Question rythme et structure narrative, il est vrai qu'il m'a fallu être patiente avant que l'intrigue ne se mette en place, car avant tout j'imagine que Saul Pandelakis veut instaurer ses personnages et ses valeurs.
Notre adhésion doit être déjà pleine et entière avant de voir la réalité de Roz et de Asha se mêler (vers la 350e page). Et même après cette rencontre, il faut attendre encore une centaine de pages avant que l'action conjointe ne se mette en route. Pour autant, au regard de ce que l'auteur propose ça ne m'a pas tant dérangé, je m'y suis habituée.
Et finalement, je suis plus frustrée par la conclusion qui devient une succession d'échanges et d'ellipses et provoque un emballement qui nous échappe, avec des moments manqués dont j'aurais aimé décortiquer l'évolution, pas juste un résumé ou une allusion. Je n'étais plus à une centaine de pages près à dire vrai.
Après un tel développement, comme dans une série TV avec une saison de 12 épisodes où vous vous êtes engagés émotionnellement et où l'on vous délivre un final resserré, car il faut tout faire tenir en un dernier épisode. C'est avec un peu d'amertume que j'ai refermé le livre, car ce voyage, ces parcours croisés, finalement, me plaisaient bien et j'avais envie de poursuivre ou plutôt j'avais envie d'apprécier encore plus longtemps les derniers moments avec toutes ces révélations.

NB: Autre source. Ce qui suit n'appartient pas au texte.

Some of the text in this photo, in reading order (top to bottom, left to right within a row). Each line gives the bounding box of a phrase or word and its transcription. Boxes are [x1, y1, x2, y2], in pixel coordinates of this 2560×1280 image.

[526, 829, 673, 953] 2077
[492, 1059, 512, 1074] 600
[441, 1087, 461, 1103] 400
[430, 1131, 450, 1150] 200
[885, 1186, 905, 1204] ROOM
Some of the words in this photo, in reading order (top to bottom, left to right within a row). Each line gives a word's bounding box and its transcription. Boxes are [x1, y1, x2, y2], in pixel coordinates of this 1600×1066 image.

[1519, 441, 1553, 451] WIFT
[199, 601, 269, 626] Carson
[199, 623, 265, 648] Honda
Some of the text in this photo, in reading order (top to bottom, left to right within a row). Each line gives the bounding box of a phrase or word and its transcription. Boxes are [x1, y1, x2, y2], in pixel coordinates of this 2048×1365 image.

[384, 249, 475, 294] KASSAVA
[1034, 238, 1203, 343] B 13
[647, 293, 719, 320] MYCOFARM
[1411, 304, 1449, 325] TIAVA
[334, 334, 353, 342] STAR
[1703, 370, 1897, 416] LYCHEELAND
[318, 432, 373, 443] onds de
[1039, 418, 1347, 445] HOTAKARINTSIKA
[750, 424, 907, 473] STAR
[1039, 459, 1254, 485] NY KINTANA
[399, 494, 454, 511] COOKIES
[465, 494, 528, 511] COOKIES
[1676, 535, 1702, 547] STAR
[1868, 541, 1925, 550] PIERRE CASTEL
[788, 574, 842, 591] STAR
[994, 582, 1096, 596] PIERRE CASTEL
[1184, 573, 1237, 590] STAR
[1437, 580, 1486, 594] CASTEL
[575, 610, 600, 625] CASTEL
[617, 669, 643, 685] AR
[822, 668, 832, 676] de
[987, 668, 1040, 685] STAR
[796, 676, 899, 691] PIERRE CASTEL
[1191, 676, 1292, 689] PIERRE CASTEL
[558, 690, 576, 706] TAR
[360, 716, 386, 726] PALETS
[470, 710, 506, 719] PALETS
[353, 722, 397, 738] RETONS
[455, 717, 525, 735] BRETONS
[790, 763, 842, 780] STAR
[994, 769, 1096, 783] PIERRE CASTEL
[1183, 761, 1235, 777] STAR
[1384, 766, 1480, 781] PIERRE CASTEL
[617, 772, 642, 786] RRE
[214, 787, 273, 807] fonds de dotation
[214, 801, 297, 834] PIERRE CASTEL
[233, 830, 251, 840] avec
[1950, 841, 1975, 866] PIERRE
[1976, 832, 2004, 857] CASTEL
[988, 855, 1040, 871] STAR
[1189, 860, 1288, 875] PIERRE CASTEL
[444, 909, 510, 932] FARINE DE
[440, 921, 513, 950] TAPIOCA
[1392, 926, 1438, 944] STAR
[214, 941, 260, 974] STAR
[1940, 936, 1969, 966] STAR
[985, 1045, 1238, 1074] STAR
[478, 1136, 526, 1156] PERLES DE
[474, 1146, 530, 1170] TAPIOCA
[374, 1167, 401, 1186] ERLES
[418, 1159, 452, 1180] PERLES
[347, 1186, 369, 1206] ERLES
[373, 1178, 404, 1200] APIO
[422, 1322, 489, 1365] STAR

En guise de conclusion, je souligne que c'est un très bon premier roman et qu'au regard des sujets, de leur traitement et de cette écriture assez libre et personnelle, je suis curieuse de découvrir l'évolution de la plume de l'auteur, si prochain roman il y a.

PS : ActuSF m'a fait remarquer, à juste titre, qu'aujourd'hui même sort une nouvelle spin-off "Brave les étoiles" (une exclu numérique).